RECORD EXTRACTS.

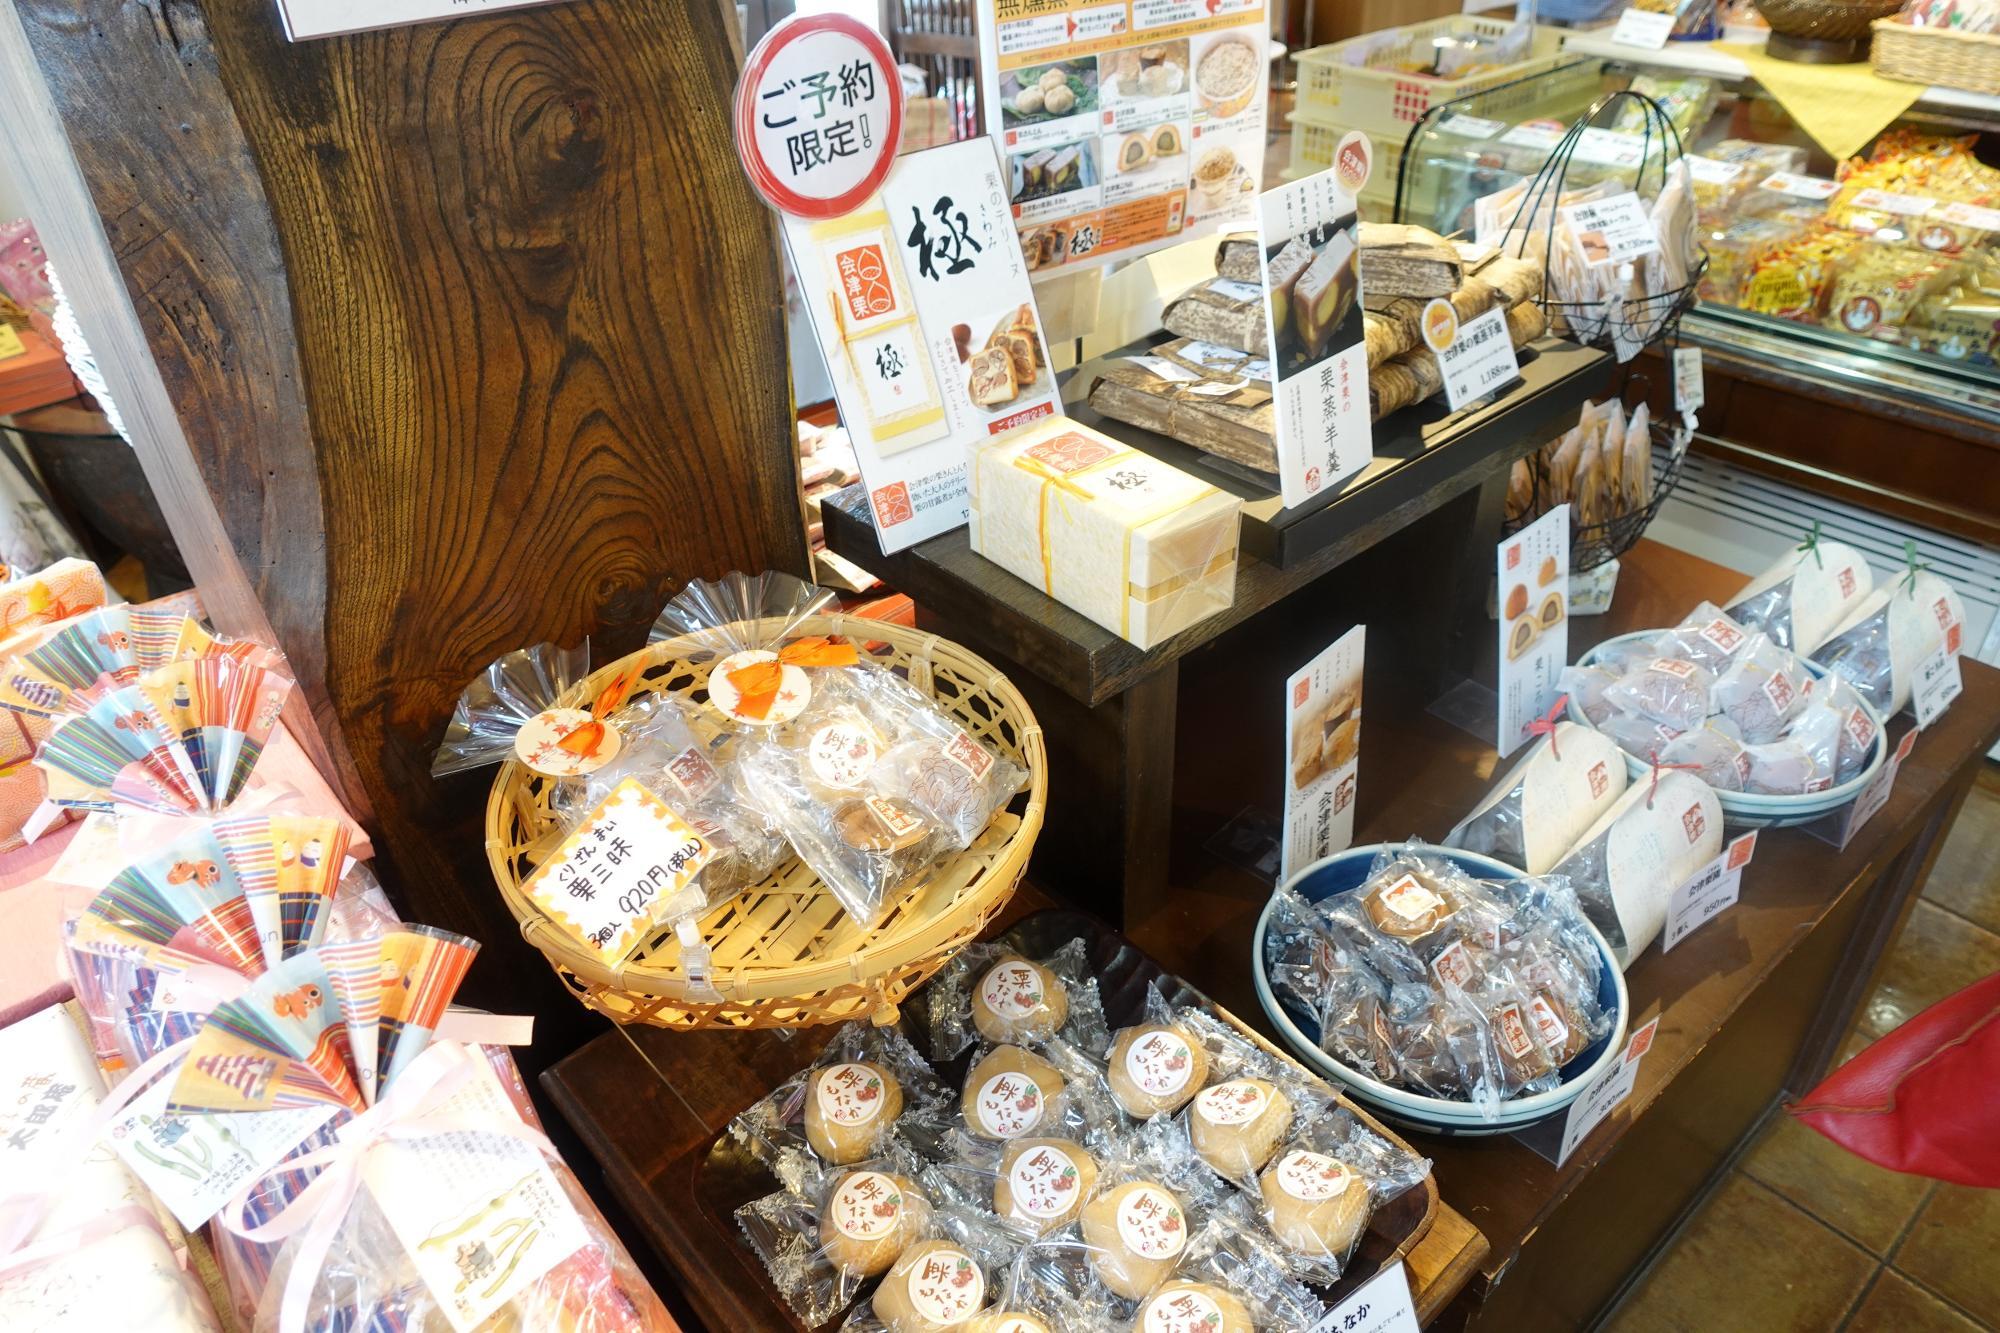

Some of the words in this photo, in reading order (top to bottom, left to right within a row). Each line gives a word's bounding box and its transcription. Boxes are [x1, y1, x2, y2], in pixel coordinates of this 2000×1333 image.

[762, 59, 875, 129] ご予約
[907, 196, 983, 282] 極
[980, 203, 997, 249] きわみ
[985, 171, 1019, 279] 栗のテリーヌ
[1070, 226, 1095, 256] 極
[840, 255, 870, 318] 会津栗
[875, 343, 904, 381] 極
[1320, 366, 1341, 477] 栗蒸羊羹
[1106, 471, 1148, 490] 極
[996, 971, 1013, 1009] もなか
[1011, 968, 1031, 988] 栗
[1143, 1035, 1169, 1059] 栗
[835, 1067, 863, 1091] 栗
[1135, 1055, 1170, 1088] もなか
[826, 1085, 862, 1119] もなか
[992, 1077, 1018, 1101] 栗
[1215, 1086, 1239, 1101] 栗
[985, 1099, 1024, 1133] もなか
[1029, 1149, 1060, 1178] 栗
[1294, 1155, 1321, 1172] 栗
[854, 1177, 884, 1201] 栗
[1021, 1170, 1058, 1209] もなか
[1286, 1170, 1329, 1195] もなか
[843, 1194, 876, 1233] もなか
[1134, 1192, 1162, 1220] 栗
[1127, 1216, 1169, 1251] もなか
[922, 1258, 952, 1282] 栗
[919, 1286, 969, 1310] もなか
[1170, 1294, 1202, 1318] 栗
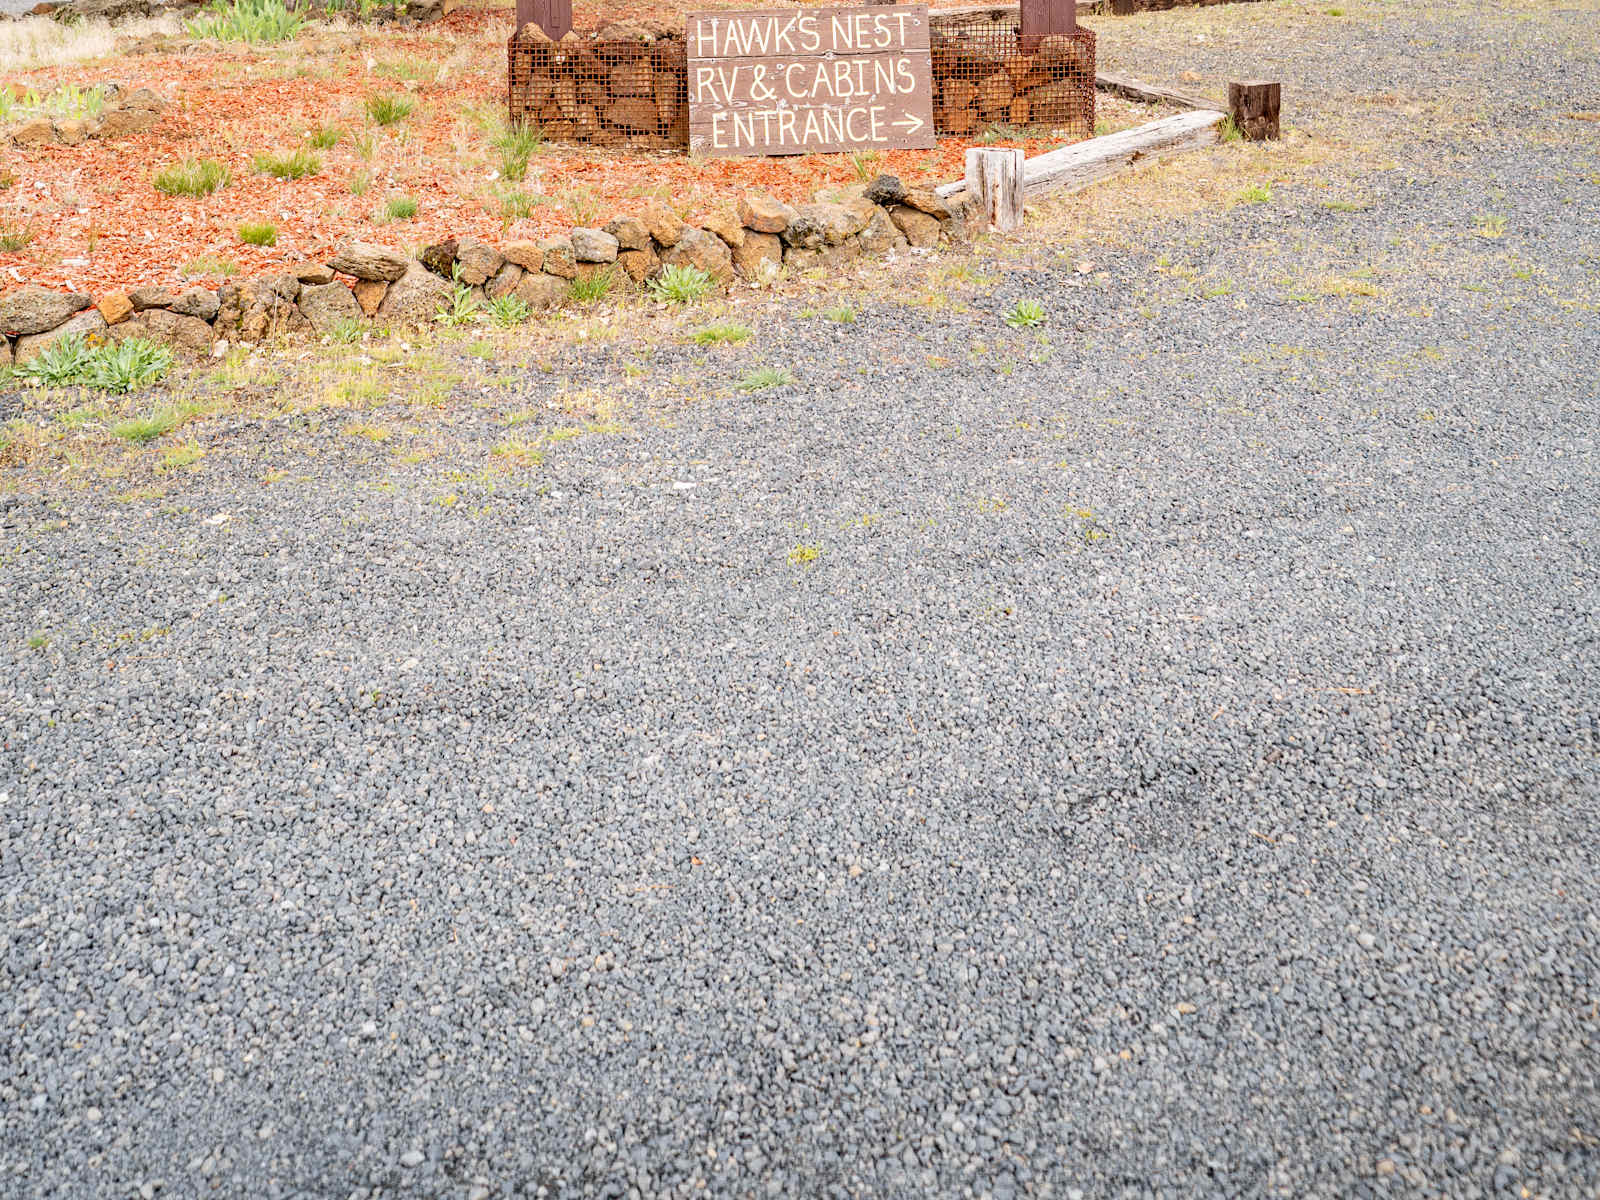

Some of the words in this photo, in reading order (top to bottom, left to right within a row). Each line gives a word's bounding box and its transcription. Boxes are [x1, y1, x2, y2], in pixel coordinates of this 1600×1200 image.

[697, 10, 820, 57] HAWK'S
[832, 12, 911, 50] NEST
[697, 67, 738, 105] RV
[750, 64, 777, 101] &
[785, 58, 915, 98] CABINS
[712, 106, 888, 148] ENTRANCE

INSTRUCTIONS FOR THE TASK. Give the entries again, exactly and in full, with no image included.

RESULT OF THIS EXERCISE.
Some of the words in this photo, in reading order (top to bottom, left to right within a row). Each line gives a word's bounding box and its transcription. Boxes are [x1, y1, x2, y2], in pixel coordinates of this 2000×1333 image.

[762, 59, 875, 129] ご予約
[907, 196, 983, 282] 極
[980, 203, 997, 249] きわみ
[985, 171, 1019, 279] 栗のテリーヌ
[1070, 226, 1095, 256] 極
[840, 255, 870, 318] 会津栗
[875, 343, 904, 381] 極
[1320, 366, 1341, 477] 栗蒸羊羹
[1106, 471, 1148, 490] 極
[996, 971, 1013, 1009] もなか
[1011, 968, 1031, 988] 栗
[1143, 1035, 1169, 1059] 栗
[835, 1067, 863, 1091] 栗
[1135, 1055, 1170, 1088] もなか
[826, 1085, 862, 1119] もなか
[992, 1077, 1018, 1101] 栗
[1215, 1086, 1239, 1101] 栗
[985, 1099, 1024, 1133] もなか
[1029, 1149, 1060, 1178] 栗
[1294, 1155, 1321, 1172] 栗
[854, 1177, 884, 1201] 栗
[1021, 1170, 1058, 1209] もなか
[1286, 1170, 1329, 1195] もなか
[843, 1194, 876, 1233] もなか
[1134, 1192, 1162, 1220] 栗
[1127, 1216, 1169, 1251] もなか
[922, 1258, 952, 1282] 栗
[919, 1286, 969, 1310] もなか
[1170, 1294, 1202, 1318] 栗

Some of the words in this photo, in reading order (top to bottom, left to right within a row). Each line gives a word's bounding box and its transcription. Boxes are [x1, y1, x2, y2], in pixel coordinates of this 1600×1200 image.

[697, 10, 820, 57] HAWK'S
[832, 12, 911, 50] NEST
[697, 67, 738, 105] RV
[750, 64, 777, 101] &
[785, 58, 915, 98] CABINS
[712, 106, 888, 148] ENTRANCE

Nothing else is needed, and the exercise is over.